I’ve eaten half the cake already, and I’ve given a slice to someone else to sample, and it’s nice for grabbing on the way out the door or as a small snack to nibble on at night. I’ll admit I can pick out that unmistakable hint of wheat, which to me still feels foreign in a cake/dessert/baked good, but I’m willing to teach my palate to like that more than what has been bleached by chemicals. (On that note, have any of you tried almond flour or rice flour or spelt flour? I am all ears.) Anyway, blueberry coffee cake made with whole wheat pastry flour is new for me, but so is 2010—and that’s just right around the corner.
Maple Blueberry Coffee Cake
Adapted from 101 Cookbooks
If you can’t find whole wheat pastry flour, Heidi says substituting unbleached all-purpose is an option.
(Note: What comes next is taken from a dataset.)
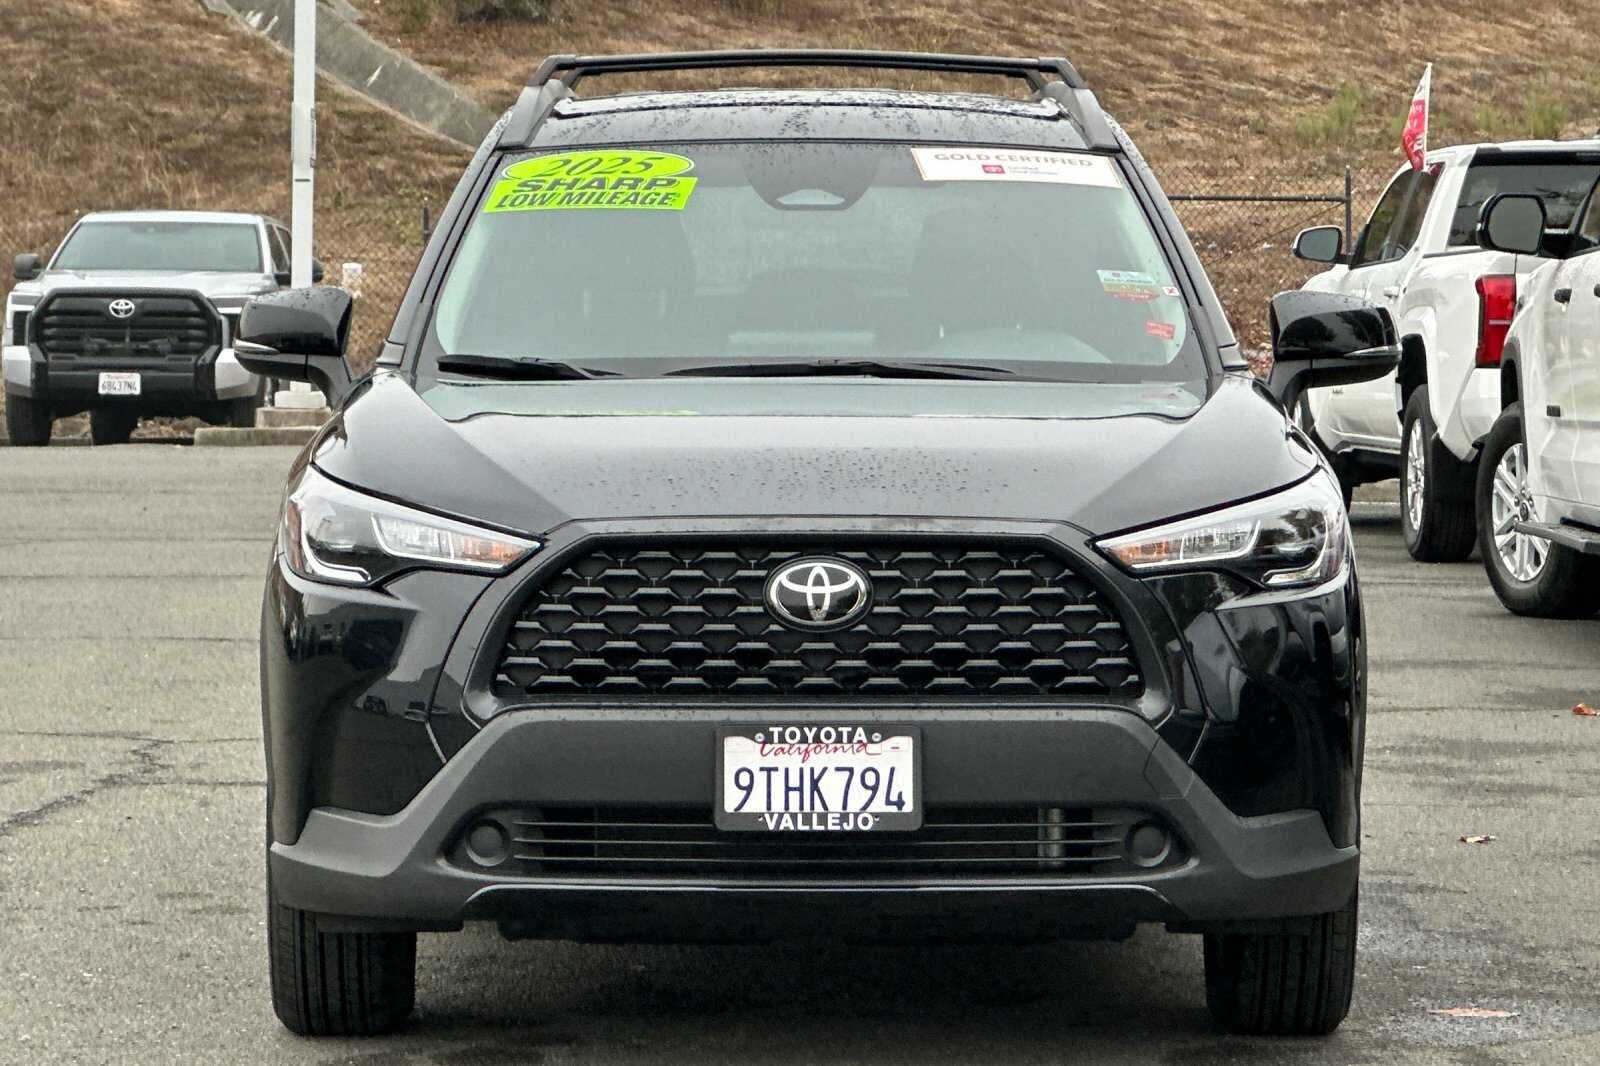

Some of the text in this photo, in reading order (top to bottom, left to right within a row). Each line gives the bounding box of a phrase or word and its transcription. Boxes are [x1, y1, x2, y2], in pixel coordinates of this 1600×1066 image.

But, if you’re wondering where/how to get it: my five-pound bag came from the local grocery store and cost something like $11, but online, it seems possible to buy in bulk for as low as $25 for four 5-pound bags or $22 for a 25-pound bag (it keeps for about six months tops on the shelf but can last years in the freezer, if you have the desire/space).
1 cup whole wheat pastry flour
3 tablespoons rolled oats
1/2 teaspoon baking powder
1/2 teaspoon baking soda
scant 1/2 teaspoon sea salt
pinch of chopped dried thyme
pinch of chopped dried rosemary
4 tablespoons (1/2 stick) unsalted butter, room temperature
1/3 cup maple syrup, room temperature
1 large egg, room temperature
zest of one lemon
2 teaspoons vanilla extract
1/4 cup buttermilk
1 1/3 cups fresh wild blueberries (or other berries)
1/2 cup whole wheat pastry flour
4 tablespoons cold unsalted butter, cut 1/4-inch cubes
1/3 cup brown sugar
pinch of chopped dried thyme
1/2 cup chopped walnuts
a couple teaspoons raw sugar
Preheat the oven to 350F degrees, with the rack in the middle. Butter a nine-inch round cake pan, and line it with parchment paper (just to be safe, I also buttered the parchment paper on top).
In a medium bowl, whisk together the flour, oats, baking powder, baking soda, salt, thyme and rosemary, and set aside. In a separate large bowl, beat the butter with an electric mixer or by hand until light and fluffy. Drizzle in the maple syrup and beat until well incorporated, scraping down the sides of the bowl a few times. Beat in the egg, lemon zest and vanilla extract, scraping the sides again.
Add half of the flour, stir just a bit, now add a splash of the buttermilk, stir again a little. Add the rest of the flour and stir, and now the rest of the buttermilk. Stir until everything barely comes together and then very gently fold in one cup of the blueberries. Scrape the batter evenly into the prepared cake pan and set aside.
Make the streusel: whir the flour, butter, brown sugar, thyme and walnuts in a food processor, pulsing about 20 to 30 times until the mixture has gone past crumbly/sandy to slightly moist, like the beginning of a dough. Crumble 2/3 of it over the cake batter, sprinkle the remaining 1/3 cup berries on top of that, and then add the last of the crumble*. Barely pat in place with your fingertips.
Place the coffee cake in the oven and bake for 35 to 40 minutes or until the top is golden and a toothpick inserted into the center of the cake comes out clean. When it is almost finished, sprinkle some raw sugar all over the top to give it that extra sparkle. Let the cake cool for five minutes and then remove it carefully from the pan to cool on a rack**.
Serves 12 – 16 modest slices.
*I think you could safely skip this extra layering at the end, as the round cake pan doesn’t allow for a full layer of blueberries the second time anyway.
**This was tricky, particularly because of the crumbly topping and raw sugar I’d sprinkled above that. I recommend loosening all around the edges of the cake and putting a baking sheet covered with aluminum foil on top of the pan, turning it out, then turning again onto another flat platter. Only had a few crumbs on the counter, so I call that success.